Remember, that in linear regression we predict numerical values based on the input values and parameters of the model.Here, in logistic regression we can also approach the model as we are trying to predict numbers but this time these numbers correspond to the probability values of input data belonging to a particular class.
The term logistic in logistic regression is used because this time we are applying another function to the weighted sum of input data and paratemeters of the model and this function is called logit (sigmoid) function.
Sigmoid function always outputs values between 0 and 1, and thus can be used to calculate probabilities of input data belonging to a certain class:
sigmoid(x) = 1 / (1 + e^(-x))
Without further ado, let's start writing the code for this implementation. I will explain the code as I go, whenever deemed necessary.
import numpy as np
import matplotlib.pyplot as plt
from sklearn.datasets import make_classification
import seaborn as sns
We start off by importing necessary libraries. As always, NumPy is the only package that we will use in order to implement the logistic regression algorithm. All the others will only help us with minor issues such as visualizing the data at hand or creating a dataset. Hence, we won't be using already implemented package solutions for logistic regression.
def sigmoid(x):
return 1 / (1 + np.exp(-x))
Here, we write the code for the aforementioned sigmoid (logit) function. It is important to note that this function can be applied to all of the elements of a numpy
array individually, simply because we make use of the exponential function from the NumPy package.
def compute_cost(X, y, theta):
m = len(y)
h = sigmoid(X @ theta)
epsilon = 1e-5
cost = (1/m)*(((-y).T @ np.log(h + epsilon))-((1-y).T @ np.log(1-h + epsilon)))
return cost
Next, we write the cost function for logistic regression. Note that the cost function used in logistic regression is different than the one used in linear regression.
Remember, in linear regression we calculated the weighted sum of input data and parameters and fed that sum to the cost function to calculate the cost. When we plotted the cost function it was seen to be convex, hence a local minimum was also the global minimum.
However, in logistic regression, we apply sigmoid function to the weighted sum which makes the resulting outcome non-linear. If we feed that non-linear outcome to the cost function, what we get would be a non-convex function and we wouldn't be assured to find only one local minimum that is also the global minimum.
As a result, we use another cost function to calculate the cost which is guaranteed to give one local minimum during the optimization.
def gradient_descent(X, y, params, learning_rate, iterations):
m = len(y)
cost_history = np.zeros((iterations,1))
for i in range(iterations):
params = params - (learning_rate/m) * (X.T @ (sigmoid(X @ params) - y))

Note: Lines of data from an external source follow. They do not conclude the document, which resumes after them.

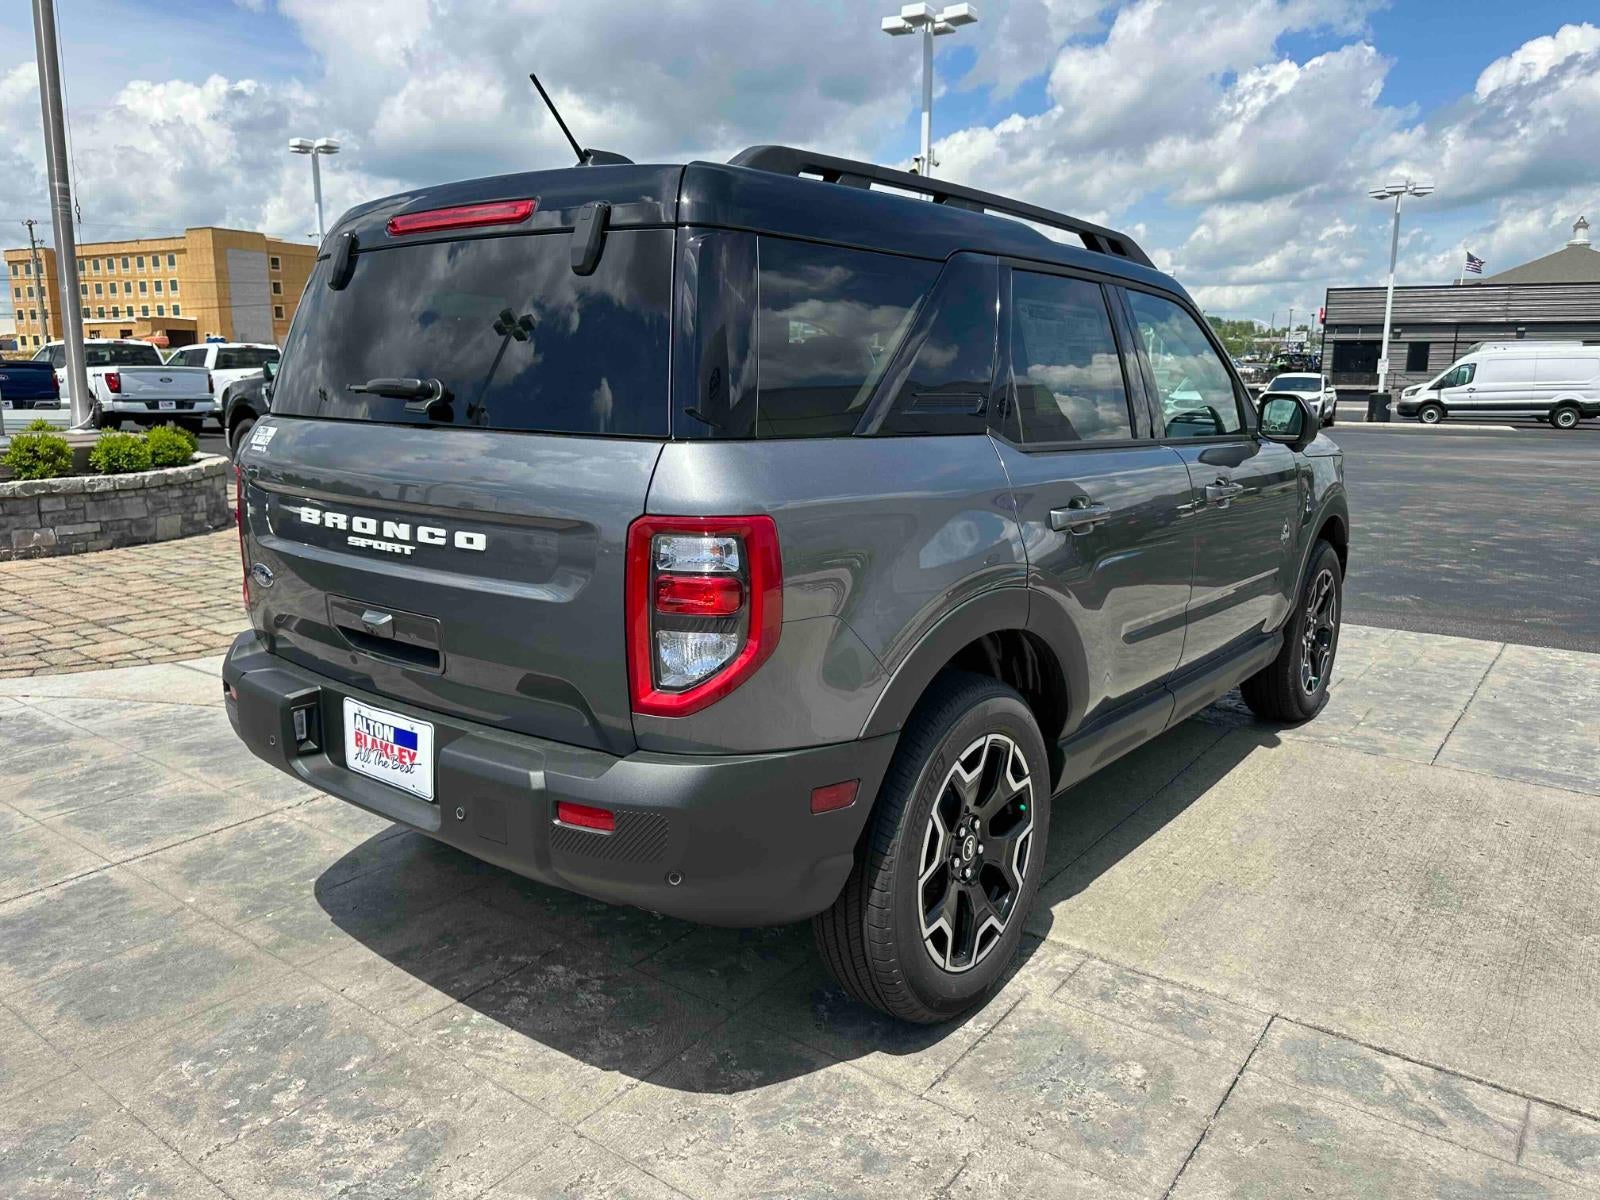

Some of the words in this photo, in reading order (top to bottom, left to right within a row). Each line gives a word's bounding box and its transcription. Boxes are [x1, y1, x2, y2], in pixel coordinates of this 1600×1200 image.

[301, 506, 487, 551] BRONCO
[347, 536, 416, 555] SPORT
[354, 713, 395, 744] ALTON
[371, 748, 390, 769] The
[391, 753, 422, 775] Best
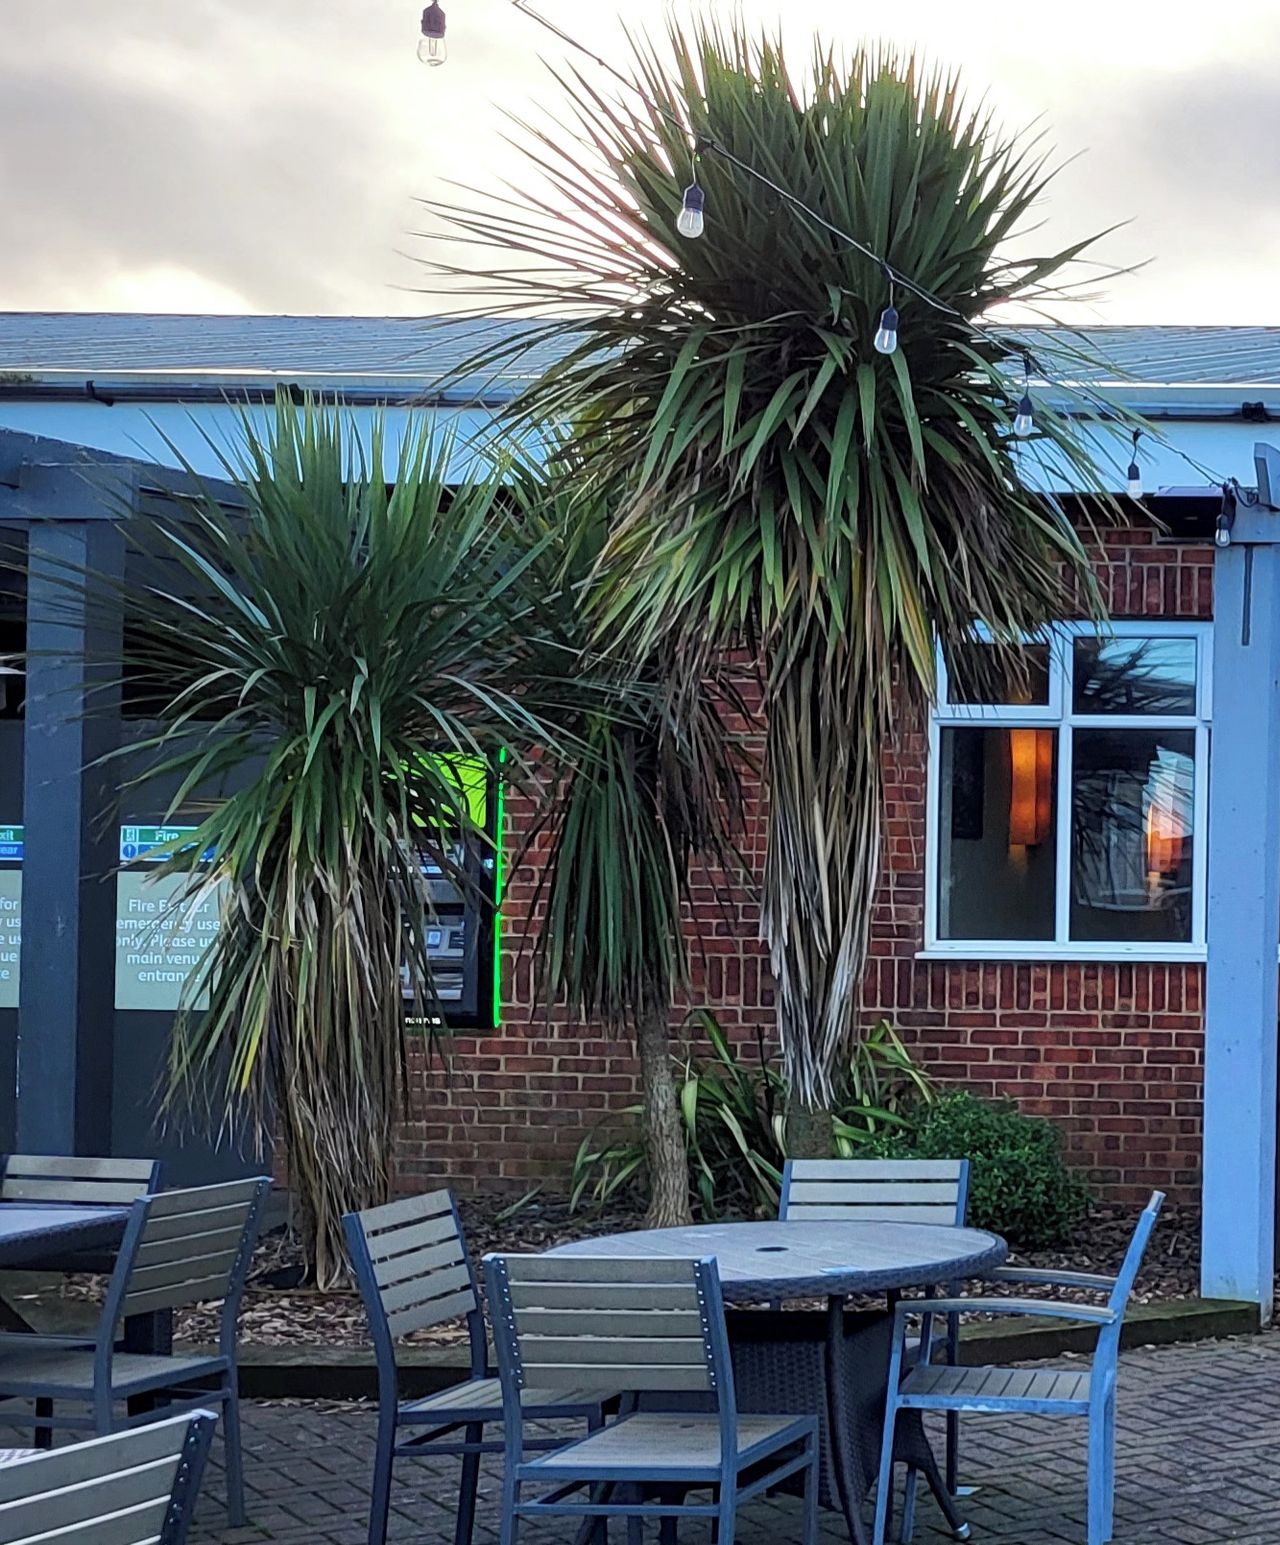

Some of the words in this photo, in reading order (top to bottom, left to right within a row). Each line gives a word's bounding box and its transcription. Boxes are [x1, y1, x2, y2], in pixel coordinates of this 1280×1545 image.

cost_history[i] = compute_cost(X, y, params)
return (cost_history, params)
Gradient descent implementation here is not so different than the one we used in linear regression. Only difference to be noted is the sigmoid function that is applied to the weighted sum.
def predict(X, params):
return np.round(sigmoid(X @ params))
While writing out the prediction function, let's not forget that we are dealing with probabilities here. Hence, if the resulting value is above 0.50, we round it up to 1, meaning the data point belongs to the class 1. Consequently, if the probability of a data point belonging to the class 1 is below 0.50, it simply means that it is part of the other class (class 0). Remember that this is binary classification, so we have only two classes (class 1 and class 0).

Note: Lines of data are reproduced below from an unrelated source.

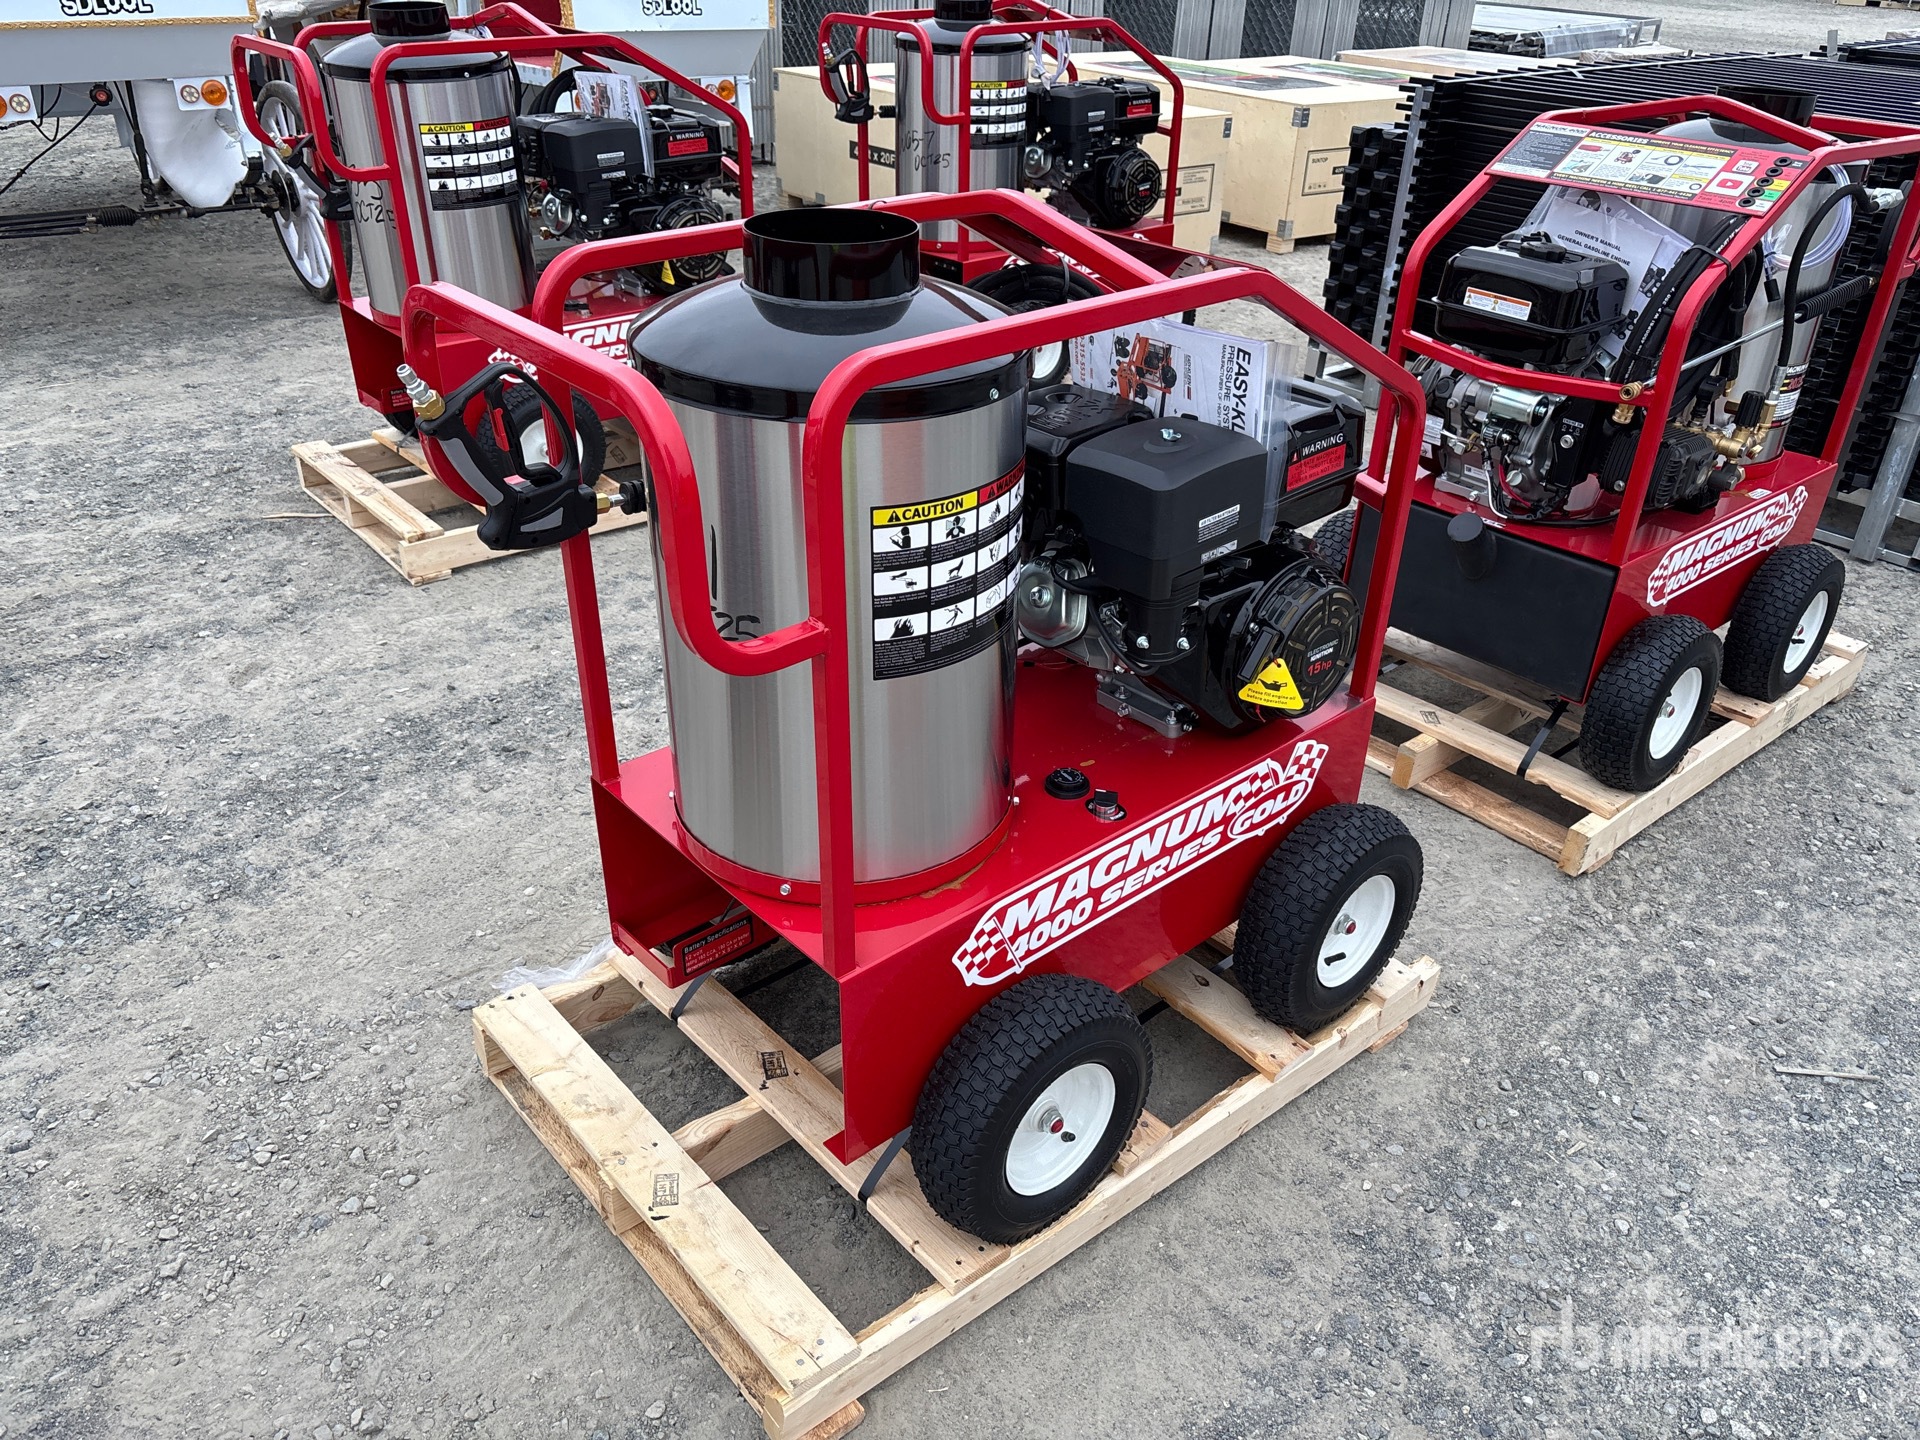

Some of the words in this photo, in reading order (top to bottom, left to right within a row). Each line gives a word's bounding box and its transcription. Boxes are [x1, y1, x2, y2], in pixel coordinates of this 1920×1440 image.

[433, 124, 466, 132] CAUTION
[676, 131, 704, 140] WARNING
[1589, 131, 1650, 145] ACCESSORIES
[1557, 234, 1582, 247] GENERAL
[1583, 243, 1610, 258] GASOLINE
[1610, 254, 1631, 266] ENGINE
[1574, 229, 1598, 242] OWNER'S
[1600, 238, 1621, 252] MANUAL
[1217, 344, 1227, 392] MANUFACTURER
[1223, 345, 1236, 402] PRESSURE
[1217, 392, 1223, 401] OF
[1302, 433, 1344, 456] WARNING
[1320, 465, 1330, 473] NOT
[902, 497, 964, 521] CAUTION
[1667, 508, 1772, 575] MAGNUM
[1759, 516, 1793, 544] GOLD
[1663, 562, 1702, 593] 4000
[1701, 537, 1758, 574] SERIES
[1307, 638, 1339, 657] ELECTRONIC
[1310, 647, 1334, 662] IGNITION
[1246, 693, 1262, 701] before
[1247, 687, 1264, 696] Please
[1271, 693, 1289, 701] engine
[1235, 782, 1308, 832] GOLD
[1001, 783, 1246, 935] MAGNUM
[1006, 896, 1095, 960] 4000
[1097, 824, 1225, 911] SERIES
[684, 941, 706, 954] Battery
[706, 920, 747, 943] Specifications

X, y = make_classification(n_samples=500, n_features=2, n_redundant=0, n_informative=1,
n_clusters_per_class=1, random_state=14)
y = y[:,np.newaxis]
sns.set_style('white')
sns.scatterplot(X[:,0],X[:,1],hue=y.reshape(-1));
After coding out the necessary functions, let's create our own dataset with make_classification
function from sklearn.datasets
. We create 500 sample points with two classes and plot the dataset with the help of seaborn
library.
m = len(y)
X = np.hstack((np.ones((m,1)),X))
n = np.size(X,1)
params = np.zeros((n,1))
iterations = 1500
learning_rate = 0.03
initial_cost = compute_cost(X, y, params)
print("Initial Cost is: {} \n".format(initial_cost))

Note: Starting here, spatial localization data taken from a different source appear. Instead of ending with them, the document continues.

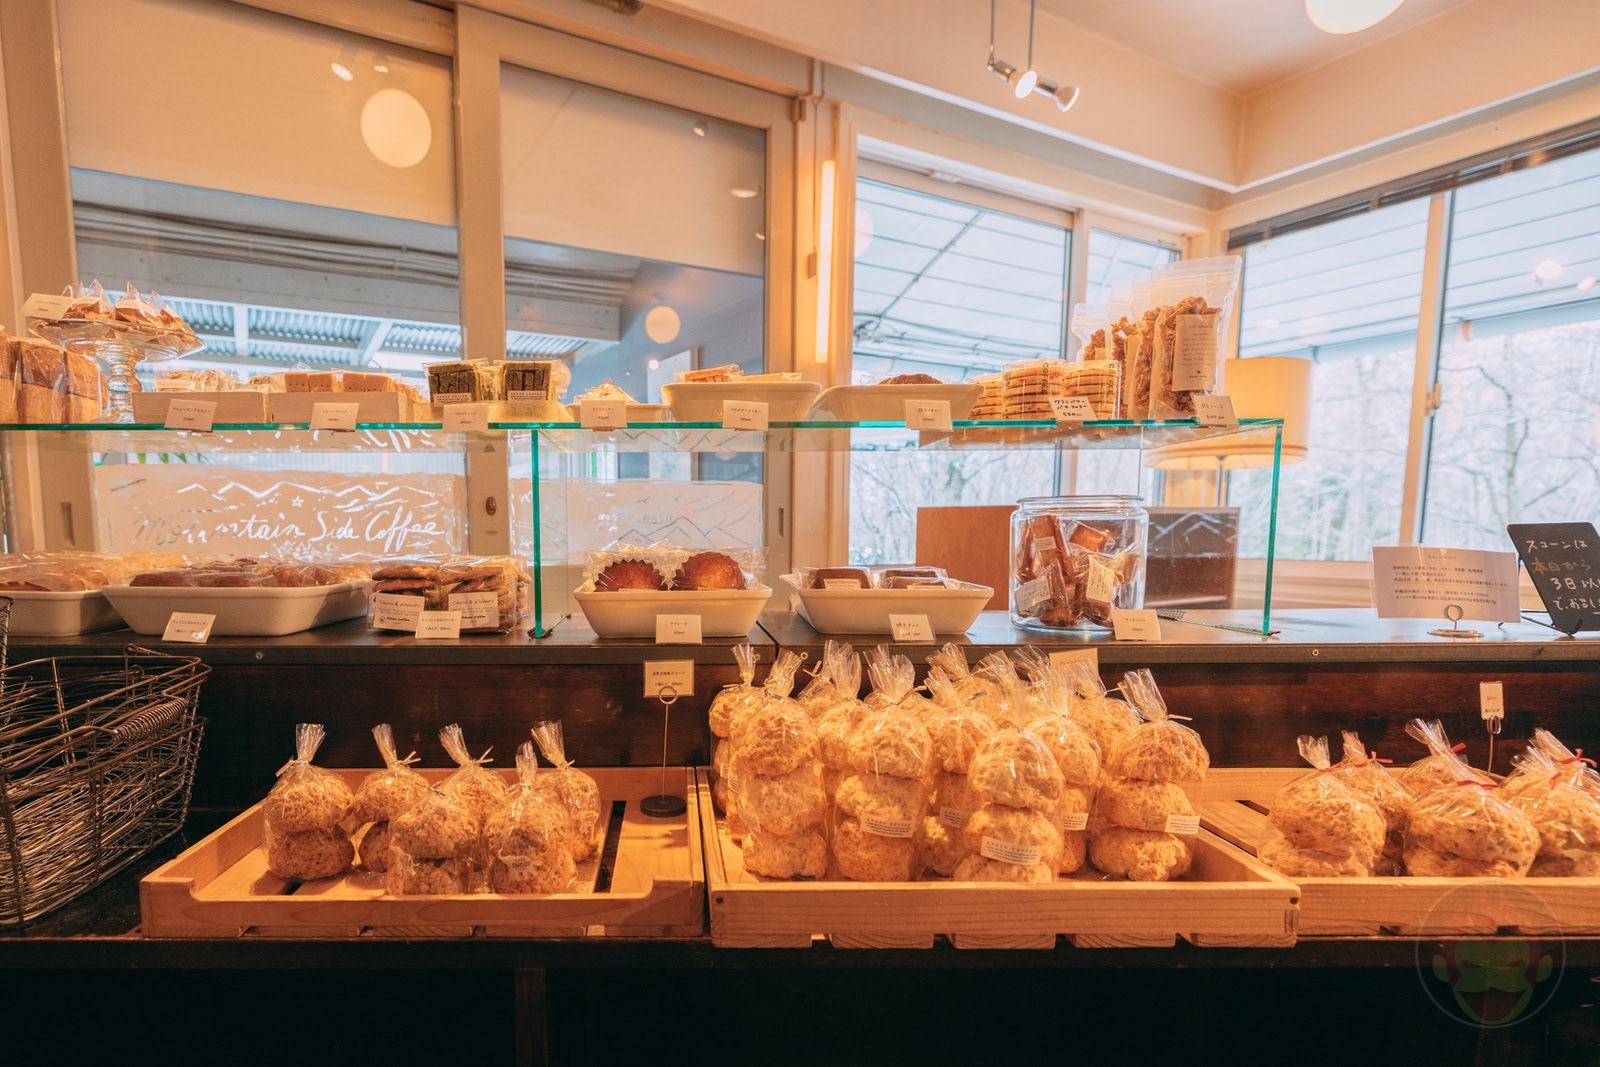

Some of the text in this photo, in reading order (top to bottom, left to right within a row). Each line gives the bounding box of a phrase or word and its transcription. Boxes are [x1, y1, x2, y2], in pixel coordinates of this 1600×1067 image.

[308, 511, 360, 542] Side
[365, 505, 444, 553] Coffee
[1525, 539, 1588, 554] スコーンは
[1531, 557, 1591, 576] 本日から
[1550, 577, 1600, 590] 3日以

(cost_history, params_optimal) = gradient_descent(X, y, params, learning_rate, iterations)
print("Optimal Parameters are: \n", params_optimal, "\n")
plt.figure()
sns.set_style('white')
plt.plot(range(len(cost_history)), cost_history, 'r')
plt.title("Convergence Graph of Cost Function")
plt.xlabel("Number of Iterations")
plt.ylabel("Cost")
plt.show()
Initial Cost is: [[0.69312718]]
Optimal Parameters are:
[[-0.45293068]
[ 3.26552327]
[ 0.03334871]]
Now, let's run our algorithm and calculate the parameters of our model. Seeing plot, we can now be sure that we have implemented the logistic regression algorithm without a fault, since it decreases with every iteration until the decrease is so minimal that the cost converges to a minimum which is what we want indeed.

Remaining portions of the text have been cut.